» **WORK TO BE COMPLETED**:
In the data below, reproduce everything exactly except the images.

» **RECORD EXCERPTS**:
========
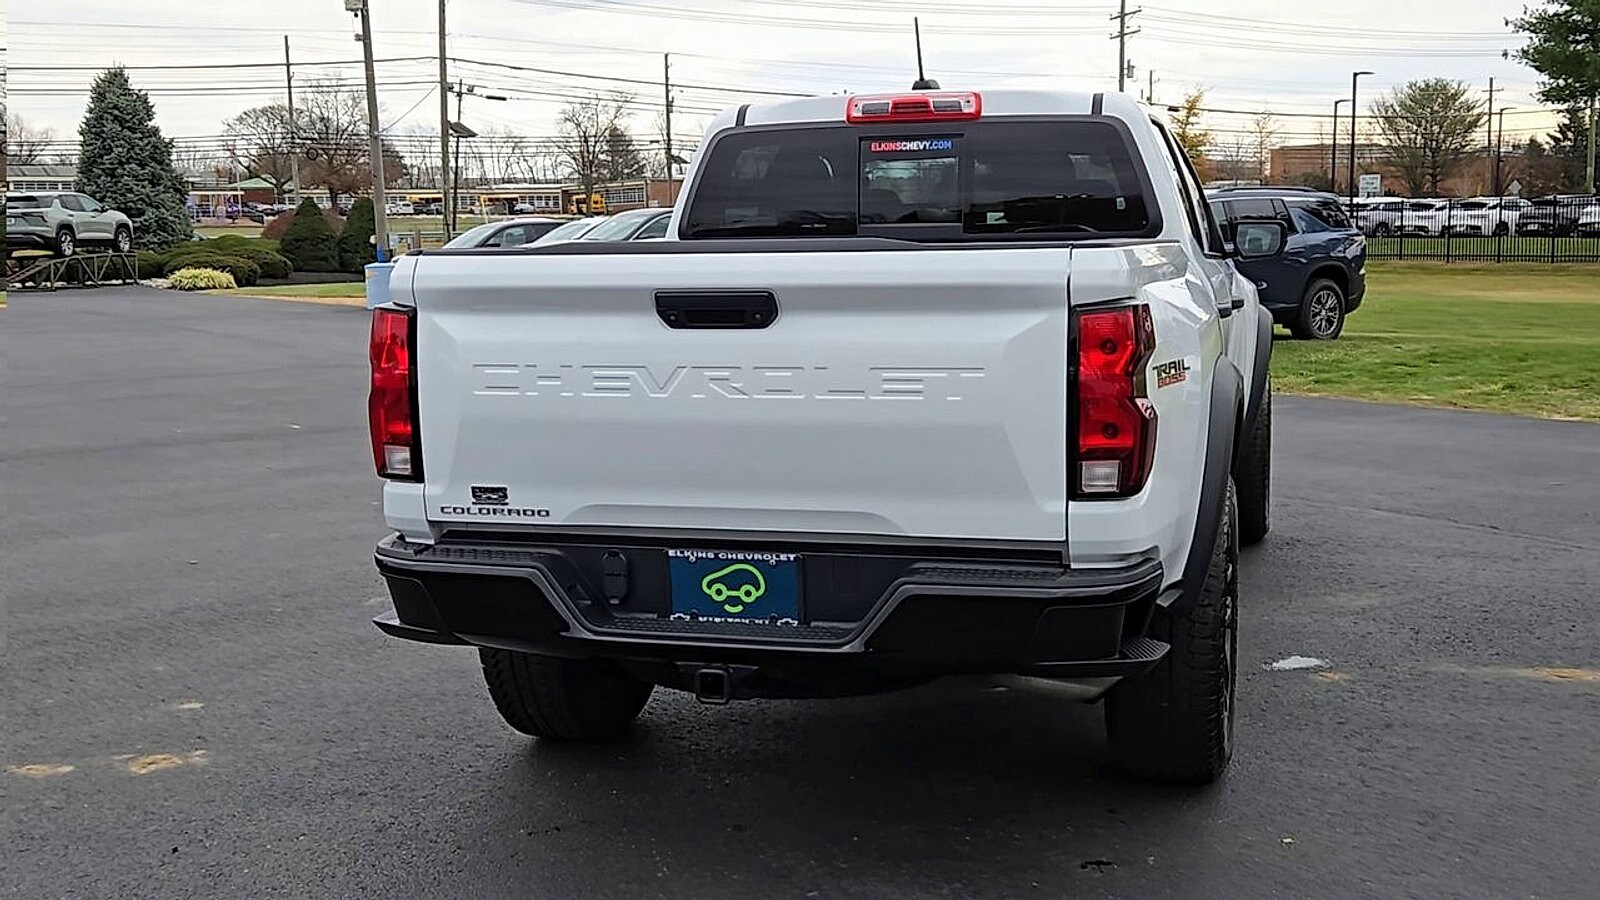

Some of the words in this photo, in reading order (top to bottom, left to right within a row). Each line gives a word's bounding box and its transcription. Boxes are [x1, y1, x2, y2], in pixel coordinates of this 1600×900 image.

[871, 140, 953, 152] ELKINSCHEVY.COM
[1152, 358, 1191, 378] TRAIL
[472, 363, 987, 401] CHEVROLET
[1157, 371, 1187, 389] BOSS
[440, 505, 551, 518] COLORADO
[668, 548, 715, 560] ELKINS
[718, 551, 797, 562] CHEVROLET
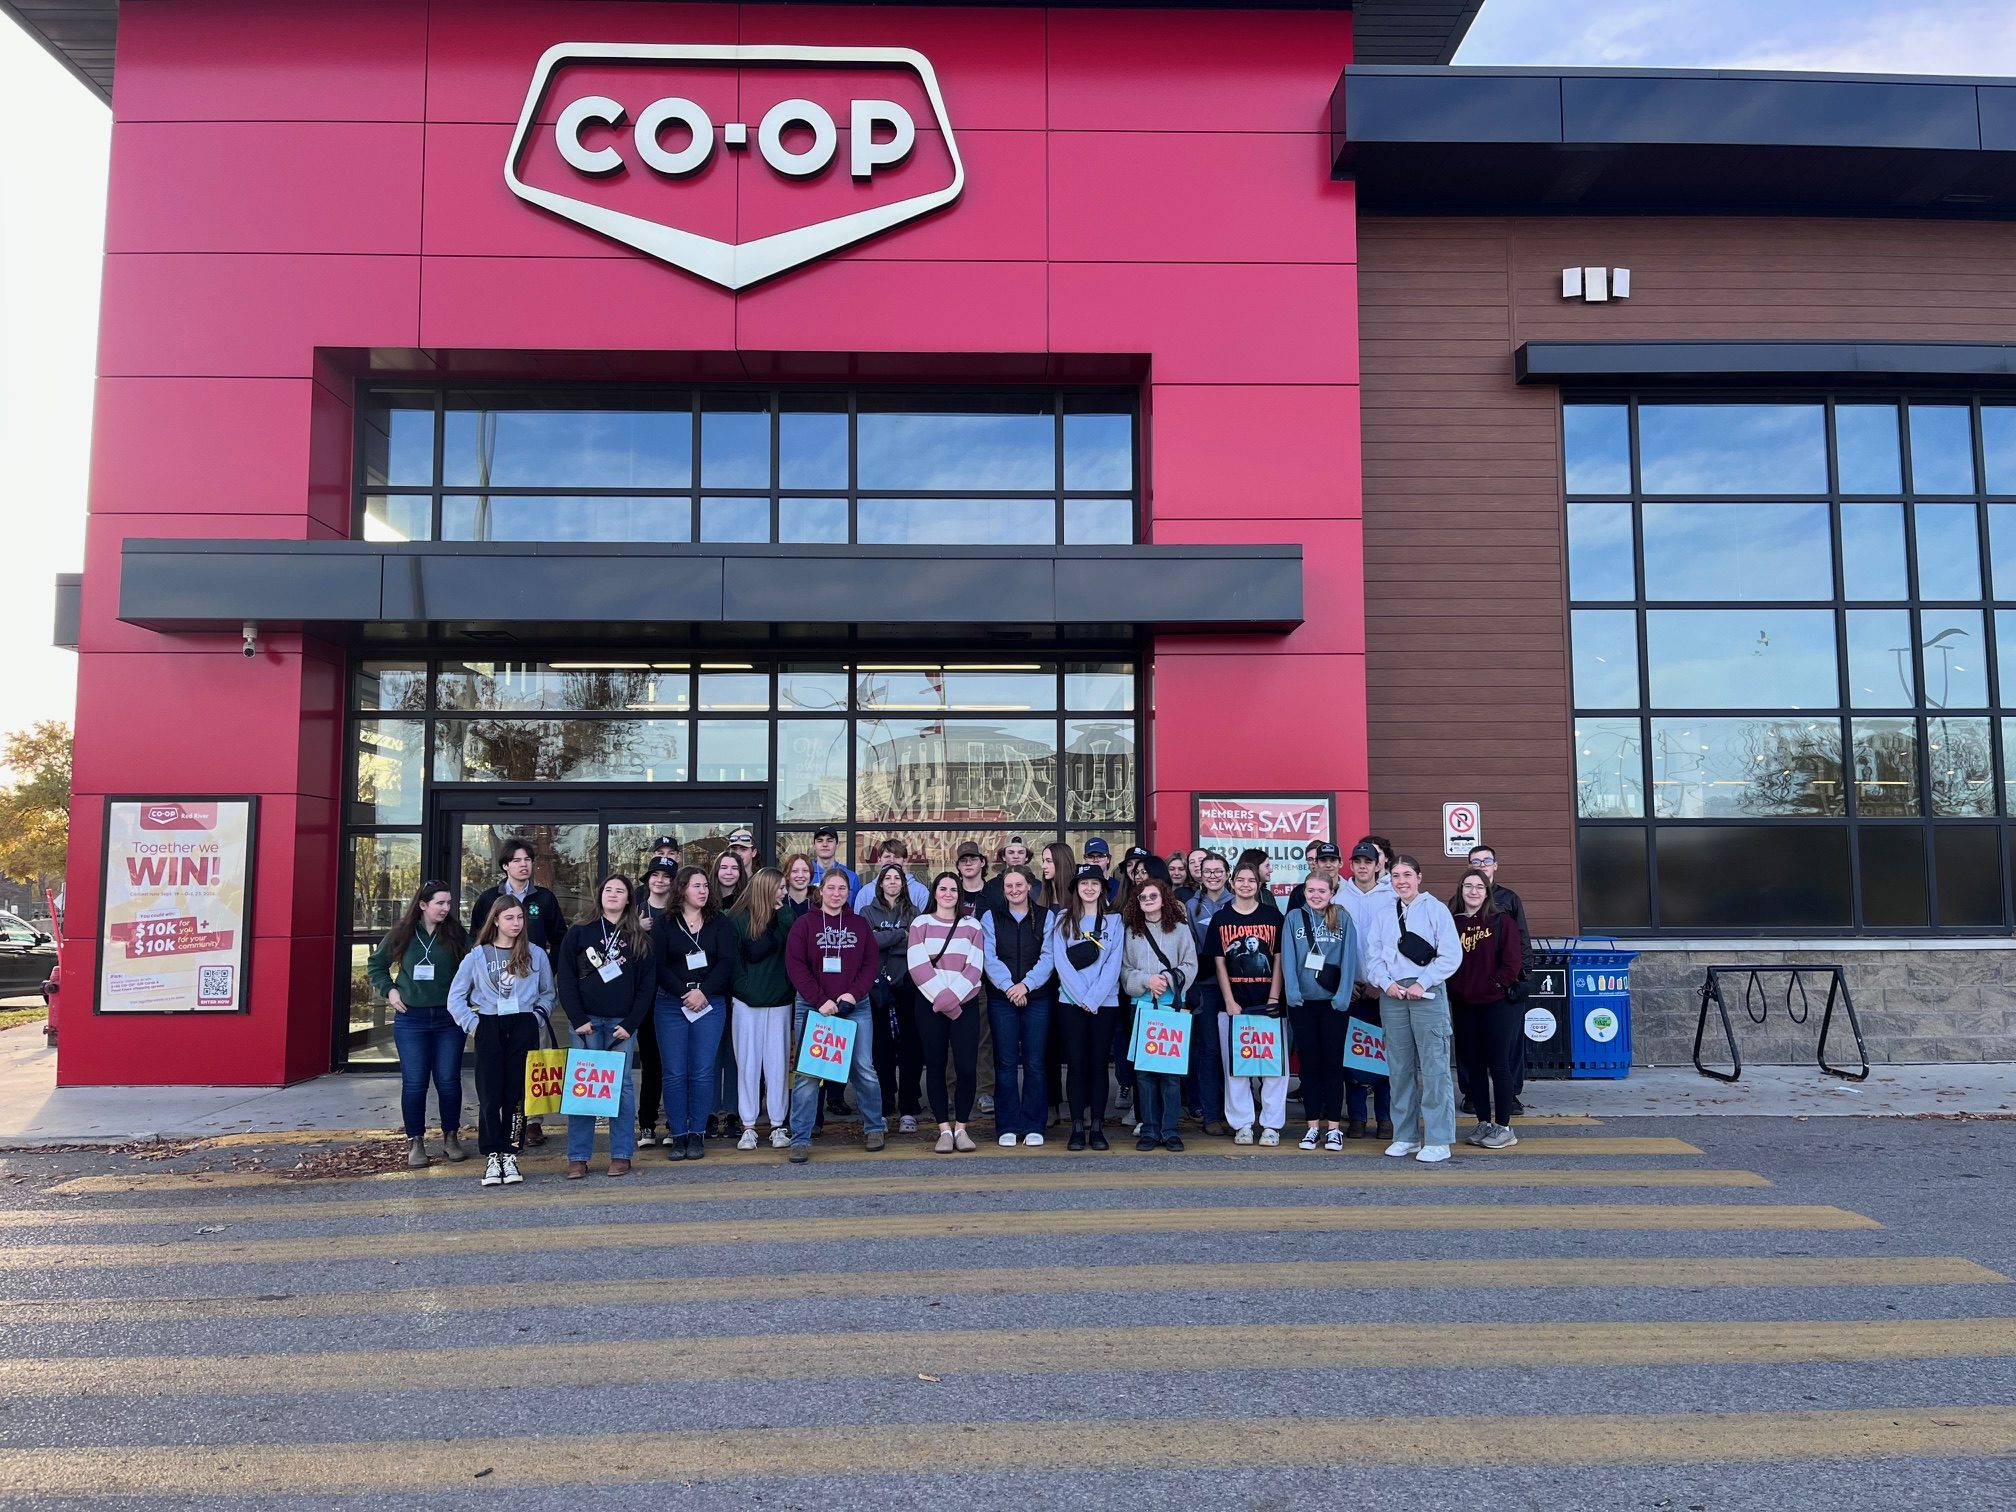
========
» **RESPONSE AREA**:
Some of the words in this photo, in reading order (top to bottom, left to right within a row). Each line gives a word's bounding box and its transcription. Boxes are [x1, y1, x2, y2], in pixel coordinates of this 1600×900 image.

[871, 140, 953, 152] ELKINSCHEVY.COM
[1152, 358, 1191, 378] TRAIL
[472, 363, 987, 401] CHEVROLET
[1157, 371, 1187, 389] BOSS
[440, 505, 551, 518] COLORADO
[668, 548, 715, 560] ELKINS
[718, 551, 797, 562] CHEVROLET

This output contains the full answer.